When the waiting room is holding 70 people in the middle of the night and every bed has someone in it, the ED’s priority becomes treat ‘em and street ‘em or move the freaking meat. When moving the meat means getting an admitted patient to the floor ASAP, I expect that the floor will take the patient and not bitch at me for not starting their work. Carrying out admission orders (especially those that involve giving medications that we may not keep in stock or ones that the floor keeps in adequate quantities) is the responsibility of the floor. Anything I can get started in the ER is out of professional courtesy, not obligation. While I realize that floors can get incredibly busy in their own way, they have to accept patients when a bed is assigned – it’s part of the job. This is why I don’t expect a nurse from a medicine floor telling me that he can’t accept the patient from the ER until we put in the Foley catheter and start his lasix drip because that should be done in the ER. I believe his exact words were, “we don’t do that up here”. W.T.F?? Those are very basic nursing skills! After all, we have the same nursing license so I don’t understand what rationale he was using to try to persuade me that he was incapable of putting in a Foley catheter. On top of all that, the patient was in a hallway, which is NOT an ideal place to be sticking tubes down people’s genitals! I tried to tell him this and he called me an idiot before hanging up on me. Needless to say, the ER charge nurse was mighty pissed – he and I ended up filling out a giant incident report for the floor and ER nursing manager. I ended up having to put in a foley in the hallway while two other nurses held up sheets as makeshift curtains while other (squeamish) patients looked on in horror making the poor man feel like a freak. Needless to say I received a very chilly reception when I finally transferred the patient onto the floor.

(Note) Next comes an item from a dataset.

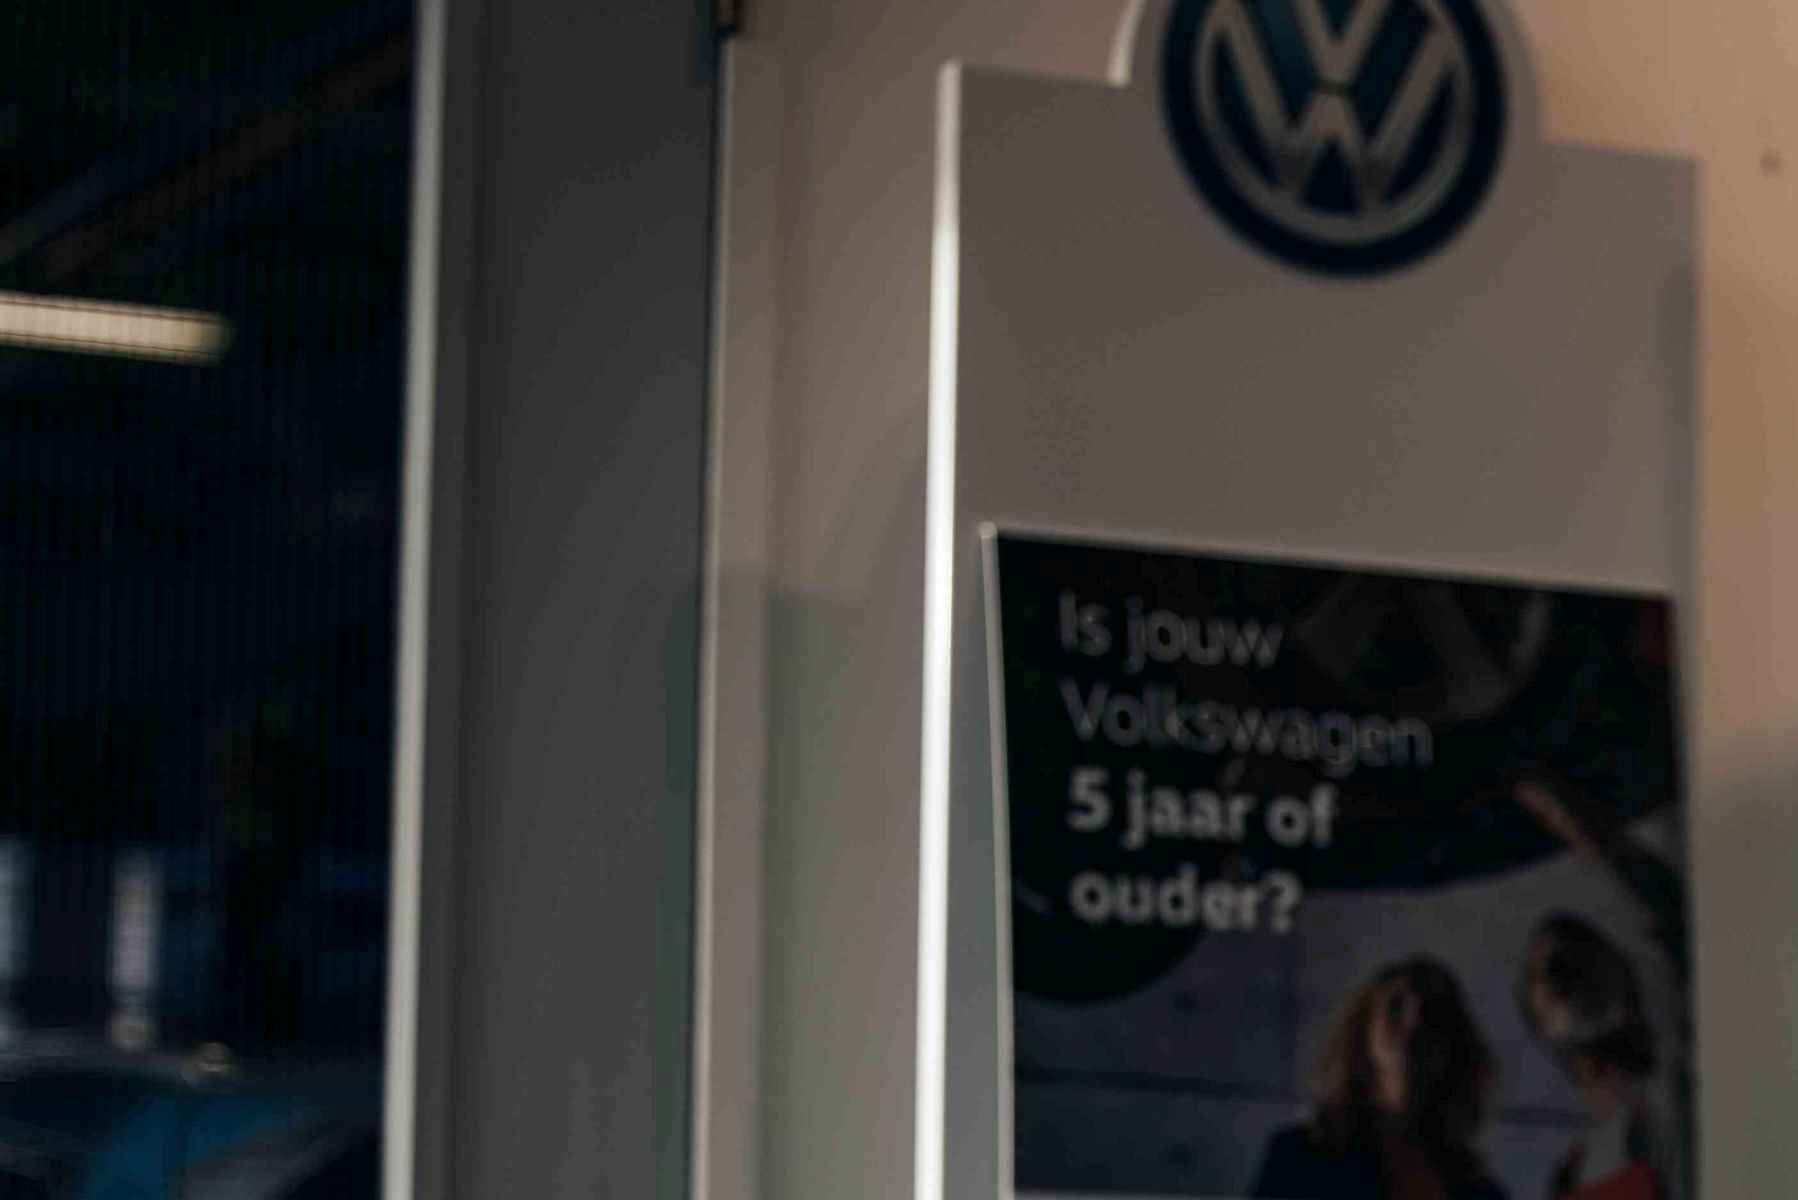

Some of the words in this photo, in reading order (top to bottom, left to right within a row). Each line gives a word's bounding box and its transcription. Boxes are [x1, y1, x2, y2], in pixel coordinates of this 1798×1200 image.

This should not have been an issue. Normally I call the floor up and let them know that I’m bringing up a patient. If they request a few minutes to get prepped then I really don’t see that as a problem unless something atrocious is happening in the ER. Refusing to accept a patient that needs some ‘work’ is completely unprofessional. The charge nurse and I should not have wasted an hour over whose responsibility it is to carry out admission orders in the middle of a very very busy shift. I later found out that the floor in question was overstaffed and had 6 empty beds.

8 comments:

therapydoc said...

Oh, boy. A lot of stuff to rant about. It'll never end, either. What did we do before blogs?

Tex said...

Hey, if they don't like their jobs, so much so as to refuse an admit or do their jobs, then quit.
Join the millions doing without!

Me, I like using the 'family' rule on them:

If it was your mother, would you have me cath them in the hall?

Tinsel said...

all good points...I am a "floor" nurse, and though I understand lots of admission orders can't (and shouldn't) be started till the patient leaves the ER, many a time have I received patients who have orders for units of blood, "now" labs, etc that haven't been started and the orders were written hours ago. really, it's a tough situation for all of us!

Anonymous said...

Just found your blog--great work. I relate to both ends of this story, and would have has a lot more sympathy for the floor if you had said they were working down 3 FTE's and were trying to move an unstable patient of their's to the unit. Why can't we all just do our jobs and treat our fellow employees with just a modicum of respect and the Golden Rule??

Pattie, RN

LivingDeadNurse said...

I would have really been pissed...hell its not that bad to put a cath in...lazy nurse...that just burns my britches lol

Sara said...

wow, that totally sucks. some people are so lazy ... if i had been you i would have been PISSED.

DreamingTree said...

As a floor nurse, it would never even occur to me to make such a demand. I look at it as my job to get the orders going. My only complaint with ED is when my admission comes at shift change. And, even then, my concern is due to safety -- we're all in report.

Homer said...

It won't work in actual fact, that is what I suppose.